Seit Mitte der 80er Jahre stieg die Gewalt in Kolumbien, verbunden mit Drogenhandel, Stärkung der Guerilla und Steigerung der allgemeinen Kriminalität, erheblich an. Seit 1996 hat Kolumbien mit 80 bis 100 Morden pro 100.000 Einwohnern die höchste Mordrate der Welt.

Der Drogenhandel begann in den 70er Jahren in Kolumbien mit Marihuana und konzentrierte sich in den 80er Jahren - nachdem der Marihuanabedarf in den USA durch Eigenanbau gesättigt wurde - auf Kokain. Seit den 90er Jahren kam Amapola–Mohn, also Heroin-Export, hinzu. Während zu Beginn der 80er Jahre die Cocablätter vor allem aus Peru und Bolivien bezogen wurden und Kolumbien die Veredelung in Kokain und den Export besorgte, stieg man Mitte bis Ende der 80er Jahre auch auf eigenen Coca-Anbau um. Das Volumen des Kokainexports wird auf ca. 600 Tonnen, also 60% der Weltproduktion, geschätzt, 2/3 davon gehen in die USA, weniger als 1/3 nach Europa. Das Exportvolumen bzw. der Rückfluß von Drogeneinnahmen nach Kolumbien stieg von ca. 1 Milliarde US $ Mitte der 80er Jahre auf durchschnittlich 2,5 bis 3 Milliarden in den 90ern, beträgt also etwa 25% der legalen registrierten Exporte.

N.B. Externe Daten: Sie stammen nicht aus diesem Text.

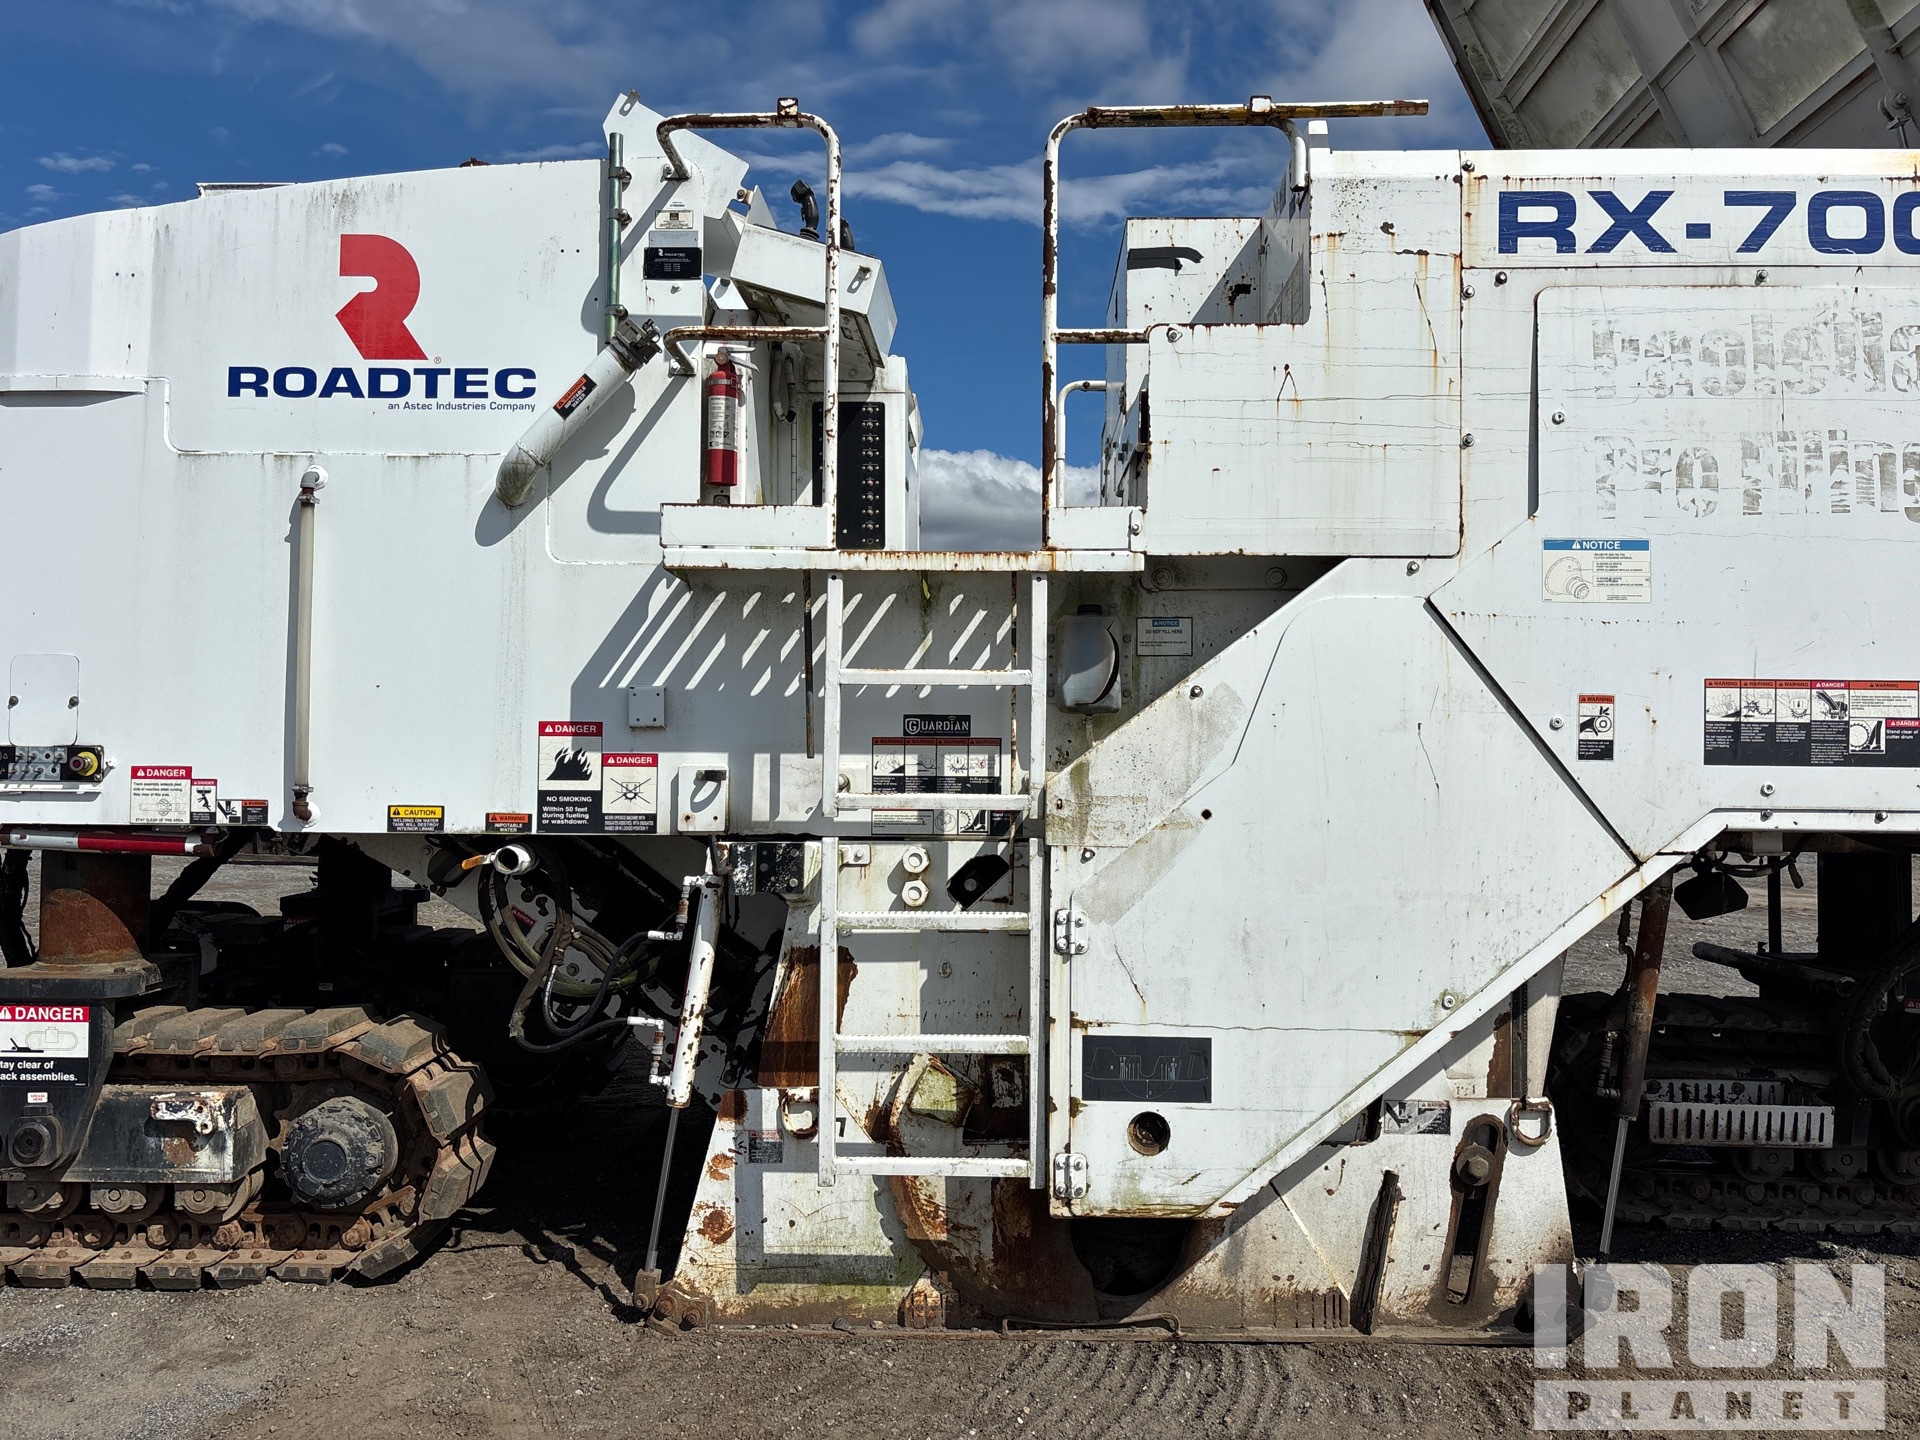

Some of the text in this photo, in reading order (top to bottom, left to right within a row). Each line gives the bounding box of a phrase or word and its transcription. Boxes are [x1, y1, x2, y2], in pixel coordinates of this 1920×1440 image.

[227, 366, 537, 399] ROADTEC
[403, 402, 432, 411] Astec
[436, 402, 486, 411] Industries
[490, 402, 536, 412] Company
[1582, 541, 1621, 550] NOTICE
[516, 912, 534, 926] DANGER
[15, 1008, 84, 1021] DANGER
[17, 1060, 41, 1069] clear
[44, 1060, 54, 1069] of
[20, 1072, 78, 1081] assemblies.

Etwa 250 000 Kolumbianer - so Daten von 1996 - sind direkt in der Produktion und im Vertrieb des Drogenanbaus beschäftigt, etwa eine Million Menschen leben indirekt vom Drogenanbau. Etwa 6 Millionen Hektar landwirtschaftlicher Fläche, damit etwa 10% der gesamten Anbauflächen, wurden mit Drogengeldern erworben, Kunst-, Antiquitäten-, Immobilien- und viele andere Märkte florierten mit Drogengeldern. Das „leichte" Geld sickerte in die Geldkreisläufe und führte in großen Teilen der kolumbianischen Gesellschaft zu einer Art „passiver Komplizenschaft". Erst der Machtanspruch und Terror des Medellin-Kartells, die systematische Bedrohung und Ermordung von Richtern, Polizisten und Politikern, u.a. einem ehemaligen Justiminister und dem aussichtsreichen Präsidentschaftskandidaten der Liberalen Partei, Luis Carlos Galan, erzwangen eine Änderung der Haltung der kolumbianischen Behörden. Heute sitzen alle großen Bosse der Kartelle von Medellín, Cali, der „Costa Atlantica", des Valle del Norte usw. hinter Gittern oder sind tot. Das Geschäft geht unspektakulärer weiter, die Rücktransfers der Einnahmen der Drogenexporte scheinen sich jedoch wegen der höheren Risiken verringert zu haben. Ihr Anteil am BIP wurde 1996 auf ca. 3% (1992: 6%) geschätzt.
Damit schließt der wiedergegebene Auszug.